There is significant morbidity and mortality associated with CRBI. In the United States alone, an estimated 30-60 thousand patient deaths occur annually secondary to this infectious process. In 2011 a clinical recommendation from respected organizations including the CDC’s Healthcare Infection Control Practices Advisory Committee as well as the Infectious Disease Society of America issued a class 1A recommendation to “avoid using the femoral vein for central access in adult patients.” This recommendation would suggest that there is strong supporting data including at least one well performed RCT. The purpose of this meta-analysis by Marik and his colleagues was to call into question the validity of such an absolute statement. Marik and his partner Flemmer performed an exhaustive literature search and were able to find 2 RCTs and 8 cohort trials to include in their meta-analysis. This literature review was more comprehensive then the citations provided by the societies issuing the level 1A recommendations. There study, however, focused solely on the question of CRBI and did not address concerns other concerns associated with central venous access such as injury to nearby structures, DVT, or bleeding.

Details:

This study reviewed more data than the 1A recommendation from the CDC and IDSA and could not find compelling evidence that the femoral vein should be avoided for concerns of CRBI. Furthermore, it appears that the universal precautions that are being used currently have likely led to an overall decrease in CRBI compared to the years past. For example, the rate of CRBI in the United States in 1998 was 5.32/1,000 catheter days and has subsequently dropped to 2.05/1,000 in recent data. The Welsh Healthcare Associated Infection Program which is the largest collection of data and noted that in over 55 thousand catheter days in 2009 and 2010 there were only 0.61/1,000 catheter day infectious risk with no difference between insertion sites. Marik and his colleagues therefore note that the site of preference should “depend on the expertise and skill of the operator and the risks associated with placement.” The authors recommend against using femoral vein catheters in renal transplant patients, patients who would benefit from early mobilization as well as the massively obese due to a subgroup analysis in the Parienti study that noted worse outcomes in these individuals.

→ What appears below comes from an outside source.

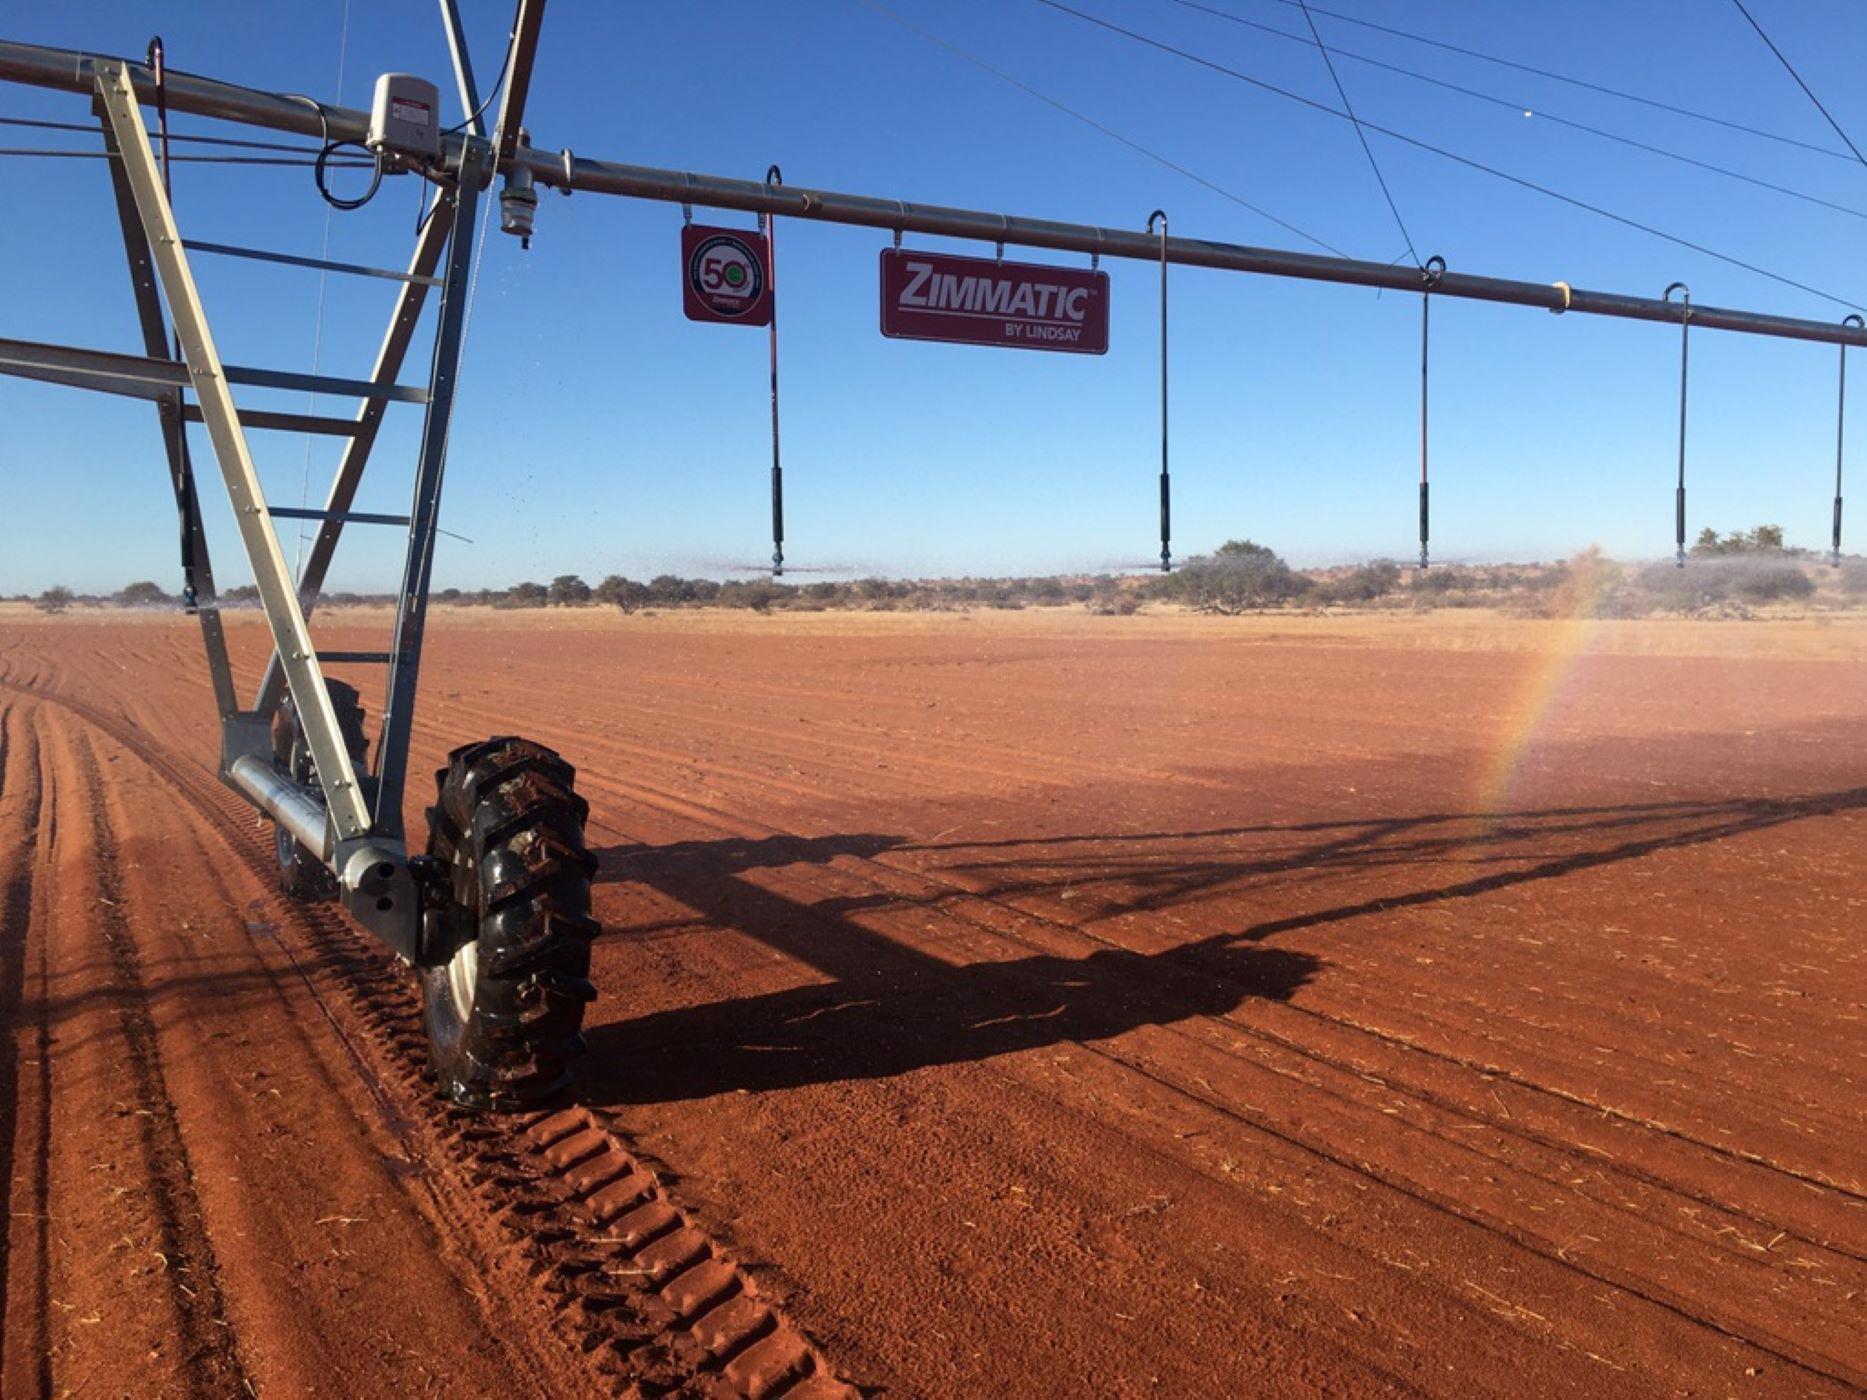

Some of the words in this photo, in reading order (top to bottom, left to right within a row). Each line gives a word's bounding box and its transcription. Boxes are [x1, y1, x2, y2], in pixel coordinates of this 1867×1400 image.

The average CRBI density in the compilation of trials was noted to be 2.5 +/- 1.9 per 1,000 catheter days (range 0.6-7.2). In compiling the data it was noted that two of the cohort trials, Lorente and Nagashima, appeared as statistical outliers increasing the heterogeneity of the meta-analysis significantly. It is unclear why these two trials demonstrated a more than two-fold increased risk of CRBI with femoral catheter insertion. If these trials were removed from the data the authors noted that there appeared to be no heterogeneity within the study (RR 1.02, 95% CI 0.64-1.65, p = 0.92, I² = 0%). This study also performed a meta-regression that appeared to demonstrate a significant interaction between the risk of infection and the year of publication (p = 0.01).

Level of Evidence:

Based on the design of this study, including RCTs and cohort trials, with a few limitations this study was graded a level III based on the ACEP Clinical Policy Grading Scheme for meta-analyses.

Surprises:

In many aspects of medicine it is curious to see how wide practice variation can be, especially when considering geographic and healthcare system influences. This notion is highlighted by reviewing the different guidelines within this meta analysis by various public health/safety committees across the United States and United Kingdom.

Relevant articles:

Lorente, L. Henry, C. Martin, MM. et al. “Central Venous Catheter-Related Infection in a Prospective and Observational Study of 2, 595 Catheters.” Crit Care, 2005 9. R631-5

Nagashima, G. Kikuchi, T. Tsuyuzaki, H. et al. “To Reduce Catheter-Related Bloodstream Infections: Is the Subclavian Route Better than the Jugular Route for Central Venous Catheterization?” J Infec Chemother, 2006 12. 363-65

Parienti, JJ. Thirion, M. Megarbane, B. et al. “Members of the Cathedia Study Group: Femoral v. Jugular Venous Catheterization and Risk of Nosocomial Events in Adults Requiring Acute Renal Replacement Therapy: A Randomized Controlled Trial.” JAMA, 2008 299. 2413-22

Source Articles:

Marik, P. Flemmer, M. Harrison, W. “The Risk of Cathether-Related Bloodstream Infections with Femoral Venous Catheters As Compared to Subclavian and Internal Jugular Venous Cathethers: A Systematic Review of the Literature and Meta-Analysis.” Critical Care Medicine, 2012 Vol 40(8). 2479-2485

By

Anatoly Kazakin MD

4 thoughts on “You Put a Catheter Where? The Groin May Not be as Dirty as Previously Reported

  1. I’ve noticed it seems to be Trauma’s favorite central line, so they’re happy to deal which whatever complications they see in TICU, I guess. What line do they put in when the patient is already in TICU?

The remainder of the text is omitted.